- Born: Jack Dyer Crouch October 22, 1915 Columbia, Missouri, U.S.
- Died: July 25, 1989 (aged 73) Columbia, Missouri, U.S.
- Occupations: Hotelier; restaurauteur;
- Known for: Co-founding Hyatt Hotels
- Spouses: Mary Margaret Munro ​ ​(m. 1956, divorced)​; Patricia Renee;
- Children: 6, including Jack Dyer II

= Jack D. Crouch =

American businessman

Jack Dyer Crouch (October 22, 1915 – July 25, 1989) was an American entrepreneur and conglomerate organizer.

==Early life==
Crouch was born in Columbia, Missouri and served in the United States Army during World War II.

==Career==
Crouch co-founded the Hyatt Hotel chain in 1954 with his partner Hyatt Robert von Dehn, and later became a Hilton Hotel franchise owner in the United States.
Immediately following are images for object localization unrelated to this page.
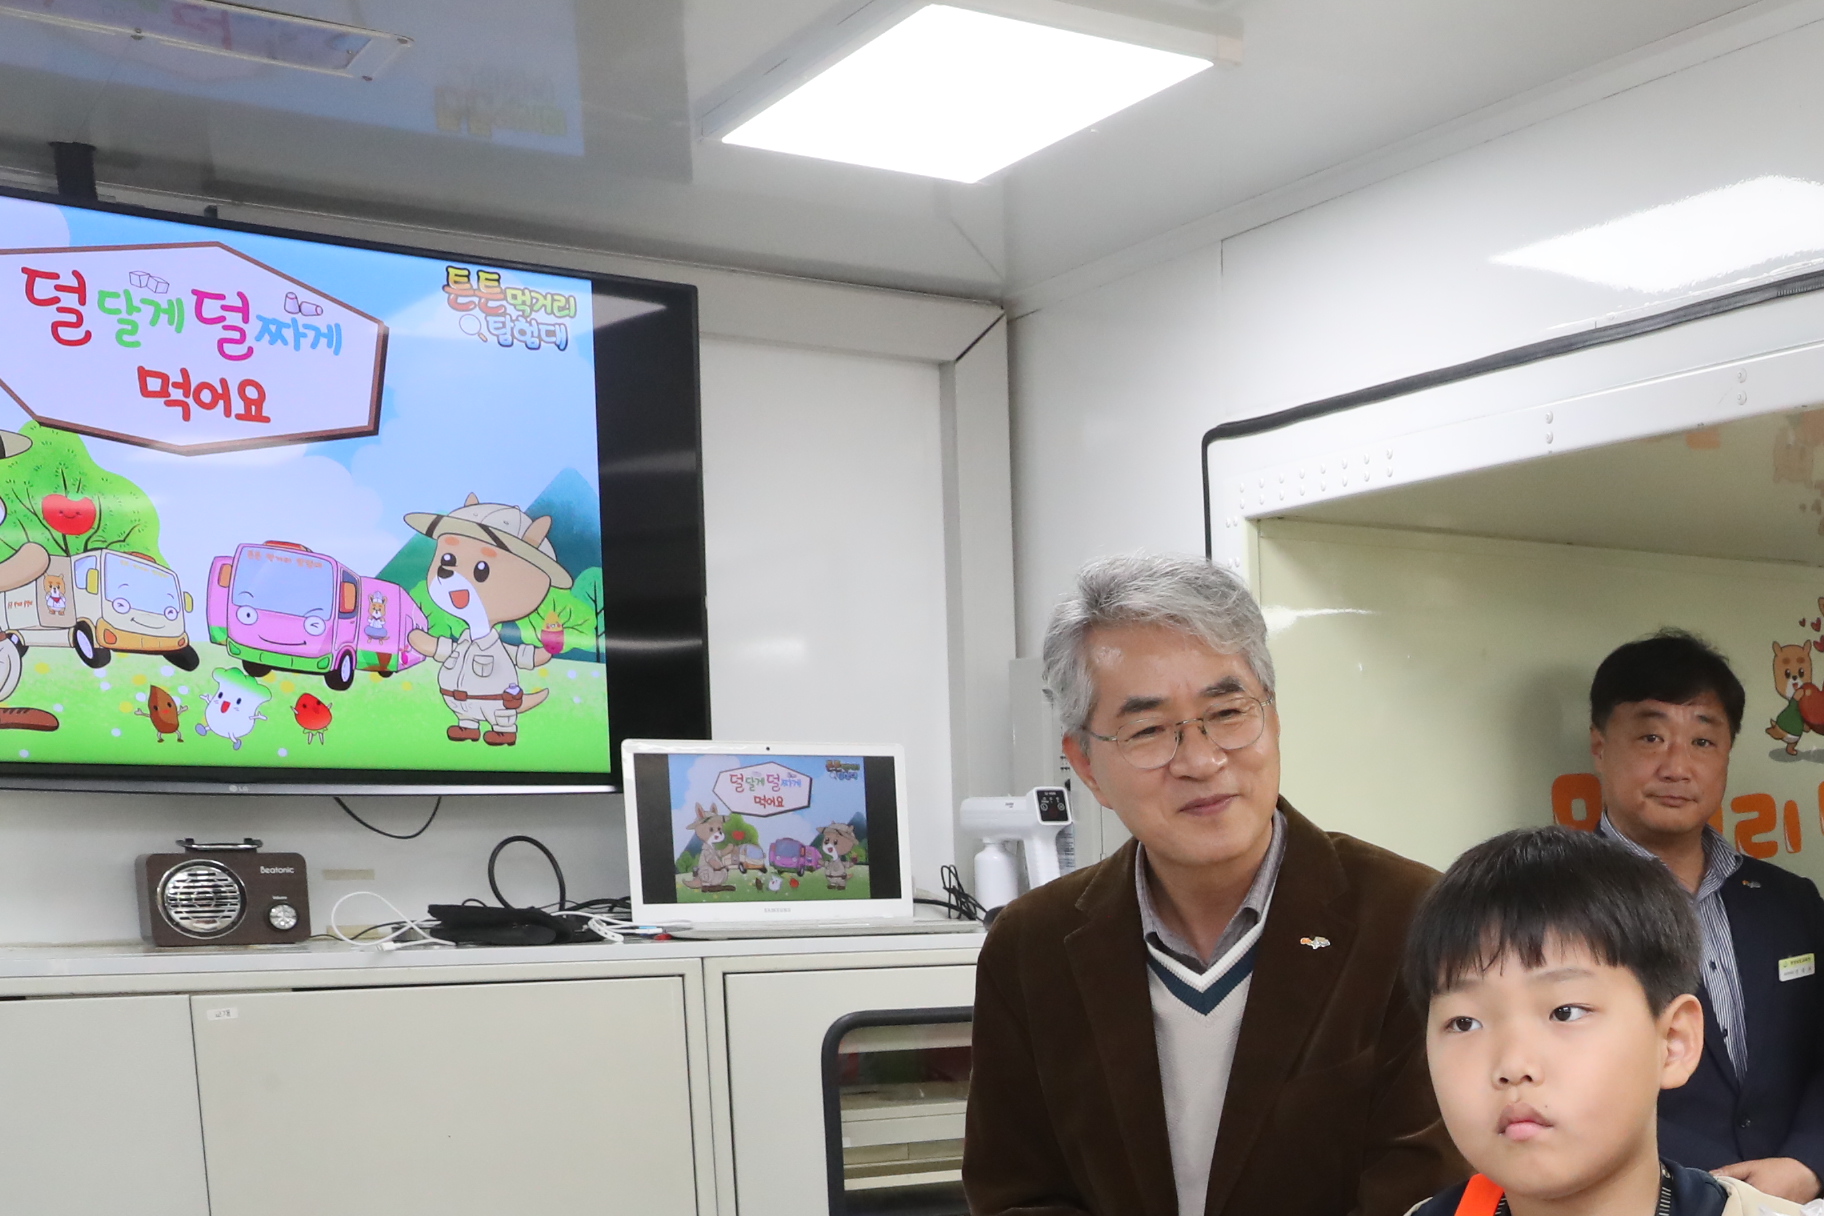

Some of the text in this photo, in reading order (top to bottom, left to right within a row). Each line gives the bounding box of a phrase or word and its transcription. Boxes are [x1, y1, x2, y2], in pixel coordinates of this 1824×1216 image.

[21, 266, 342, 361] 덜 달게 덜 짜게
[442, 265, 576, 318] 튼튼 먹거리
[485, 314, 568, 351] 탐험대
[137, 366, 271, 422] 먹어요
[753, 795, 785, 808] 먹어요
[260, 866, 295, 874] Beatonic
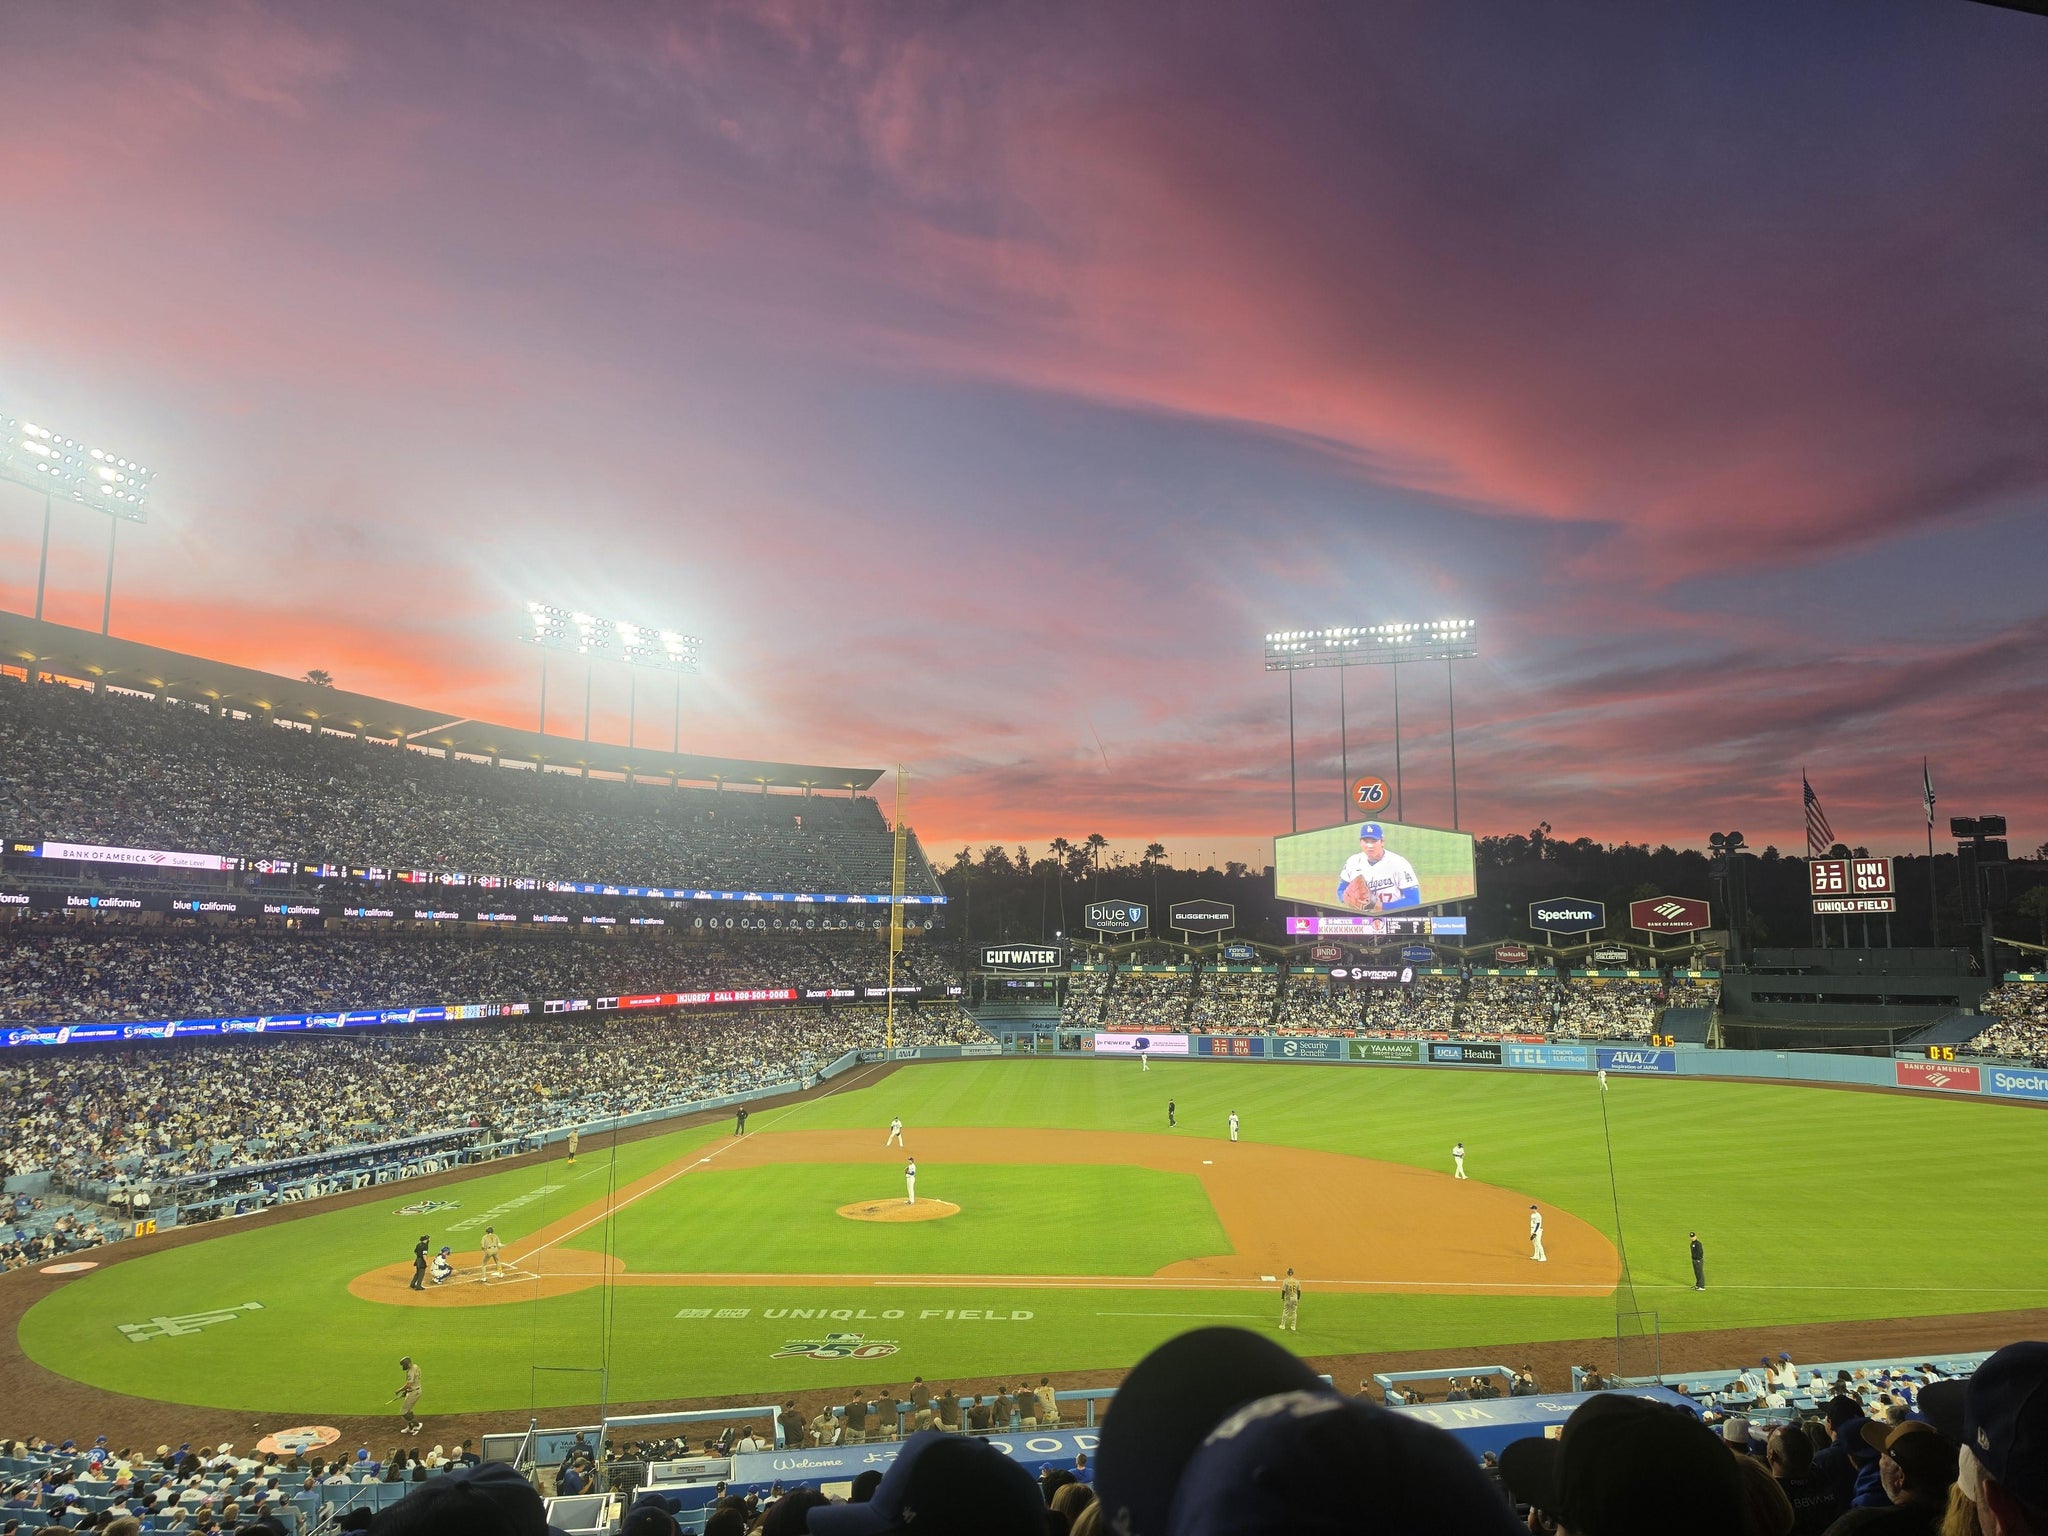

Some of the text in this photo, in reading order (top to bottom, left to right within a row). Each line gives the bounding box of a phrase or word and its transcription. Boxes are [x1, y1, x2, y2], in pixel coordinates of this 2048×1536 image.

He is credited with conceptualizing and building the world's first fly-in (airport) hotel, The Hyatt House Los Angeles.

Prior to that, Crouch owned "Jack's on the Strip" in Hollywood, one of the first drive-through restaurants in California. It was there that he would meet von Dehn, who would soon invest in his airport-hotel concept.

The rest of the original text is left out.